History of Music at Emmanuel

oak angel playing viol

Domingo Mora’s oak angel playing viola da braccio in our Sanctuary (credit: RC Greiner)

Emmanuel Church has always valued music.  Music appropriations in the 1860s starting at nearly $3,000 per year rose to $4,000 in 1897, $7,000 by 1904, and $8,500 by 1911.  Lists of salaried workers in our Yearbooks (1883-1917) usually include three organists and the number of salaried choir members, which ranged from 55 to 75. Early vestry minutes record discussions about arranging for a Hook organ even before building funds had been completely raised.

Frederic Dan Huntington

The Rev. Dr. F.D. Huntington, first rector of Emmanuel Church (1860-1869), edited hymnals and wrote hymns.  His daughter Ruth Huntington Sessions, mother of composer Roger Sessions, studied music in Leipzig in the 1880s and described services at Emmanuel in her 1936 autobiography Sixty Odd.

When we got into the Rector’s pew, just under the pulpit, we all went down on our knees, and as we were very punctual but not ahead of time, that was usually the exact moment when the processional march wound up and the organ quieted down to slow soft chords, then came to a stop. An instant’s silence followed. Then from far off, as if he were up among the stars, Father’s voice rang out declaring, “The Lord is in His Holy Temple.”  That turned the place into a Holy of Holies. Afterward all the music seemed worshipful, although it must be conceded that most of the church music of the day was inferior. But we didn’t know that. Only now and then could we get a fine English anthem or a solo from a really great oratorio. When we did have that happiness, it was imprinted indelibly on our memories. I can hear Annie Louise Cary [1841-1921], a famous contralto who began her career in Emmanuel choir, as she sang Mendelssohn’s “O Rest in the Lord” to a rapt congregation.   

Leighton Parks

During the tenure of the Rev. Dr. Parks (1878-1904), a Committee on Music, consisting of one or two vestry members and him, was established by 1890. Heinrich Schuecker, harp, and Edith Jewell, violin player from the Boston Symphony Orchestra, began accompanying the choir in 1902. The 1905 Emmanuel Church Yearbook listed Mr. Heinrich Schuecker, harpist, and Adolph Bak, violinist. Emmanuel Choir Festivals sang an annual Bach cantata from 1901-1908.

Parks resigned from Emmanuel in 1904 to go to St. Bartholomew’s Church in New York. In 1905 he hired Leopold Stokowski as organist and choir director there.  St. Bart’s choir had a vocal quartet and fifteen sopranos, nine altos, six tenors, nine basses, a harpist, and occasionally a violin. Their 1895 Boston-built Hutchings organ was at that time the largest in America. Stokowski began with a $13,000 music budget, which rose to $19,000 within three years. His chorus and soloists learned parts from Bach’s St.
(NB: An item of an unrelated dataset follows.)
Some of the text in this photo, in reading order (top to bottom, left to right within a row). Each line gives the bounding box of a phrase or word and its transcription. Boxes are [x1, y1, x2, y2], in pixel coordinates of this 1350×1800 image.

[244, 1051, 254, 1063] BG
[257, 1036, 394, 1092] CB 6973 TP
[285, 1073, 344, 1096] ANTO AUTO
Matthew’s Passion in his first New York season and gave one of the earliest American performances of the entire work in 1907.

Debates about the appropriateness of professional church musicians are not new.
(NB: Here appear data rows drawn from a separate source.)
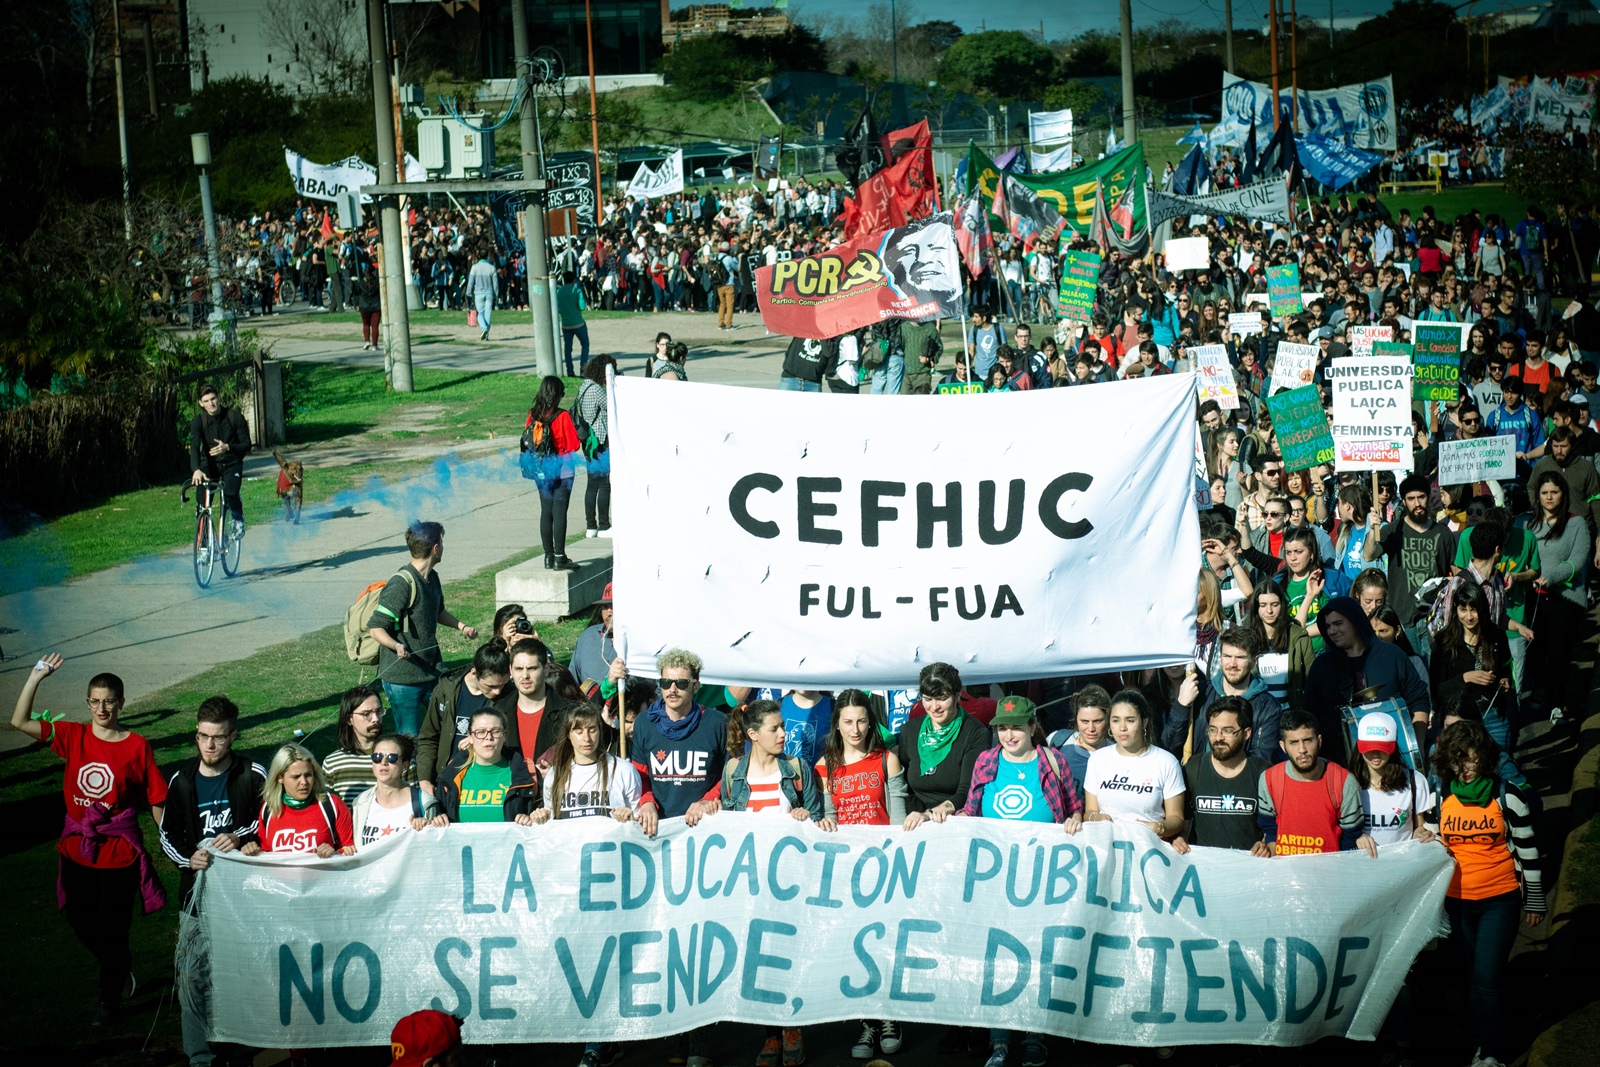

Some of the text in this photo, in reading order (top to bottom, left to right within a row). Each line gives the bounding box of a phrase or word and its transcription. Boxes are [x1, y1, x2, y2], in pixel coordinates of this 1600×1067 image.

[291, 173, 349, 197] RABAJO
[1239, 184, 1275, 208] CINE
[772, 255, 843, 296] PCR
[771, 282, 888, 306] Partido Comunista Revolucionario
[879, 303, 936, 318] SALAMANCA
[1352, 325, 1392, 338] LAS LUCHAS
[1354, 337, 1380, 346] JUSTA
[1279, 343, 1318, 356] UNIVERSIDAD
[1415, 364, 1459, 380] gratuito
[1339, 380, 1404, 392] PUBLICA
[1430, 387, 1459, 400] ALDE
[1270, 398, 1287, 412] NO
[1289, 388, 1318, 405] VAMOS
[1351, 398, 1397, 408] LAICA
[1275, 413, 1285, 423] A
[1368, 409, 1378, 419] Y
[1275, 413, 1320, 435] QUE NOS
[1333, 425, 1414, 437] FEMINISTA
[1281, 422, 1329, 448] ARREBATEN
[1286, 436, 1334, 459] NUESTROS
[1455, 438, 1488, 450] EDUCACIÓN
[1351, 450, 1399, 461] izquierda
[1443, 453, 1459, 462] ARMA
[1479, 449, 1506, 457] PODEROSA
[1440, 465, 1452, 473] QUE
[1476, 462, 1483, 470] EL
[1485, 460, 1503, 468] MUNDO
[728, 471, 1094, 549] CEFHUC
[800, 583, 881, 619] FUL
[929, 584, 1025, 621] FUA
[650, 750, 709, 775] MUE
[832, 771, 880, 793] FETS
[1112, 774, 1129, 783] La
[1100, 780, 1153, 794] Naranja
[459, 789, 503, 804] ALDE
[839, 794, 870, 805] Frente
[848, 810, 878, 820] Trabajo
[1364, 814, 1400, 827] ELLA
[1443, 814, 1497, 831] Allende
[276, 832, 317, 850] MST
[461, 833, 1207, 918] LA EDUCACIÓN PÚBLICA
[278, 918, 1371, 1026] NO SE VENDE, SE DEFIENDE
In the days when quartette choirs prevailed, there seemed to be a general complaint that the choir appropriated the entire music of the services, so that the congregation was obliged to remain silent, even in the singing of the hymns….The question as to how much of the musical part of the services the choir can justly appropriate to itself is one which is constantly recurring, and so much has been written about this whole matter of congregational singing, that it is only necessary to dwell upon it for a moment. It ought never to be forgotten that the office of music in religious worship is twofold–not only to express but also to excite devotion; and the devout worshiper can often be moved and made better as much by hearing an anthem as a sermon.…There can be no greater model for a church service than Bach’s Passion music, written as it is for trained soloists, a trained chorus, and the great congregation, when those mighty chorales occur, in which each and every worshiper is supposed to join, thus making a service in which all the known resources of the musical art are brought into play.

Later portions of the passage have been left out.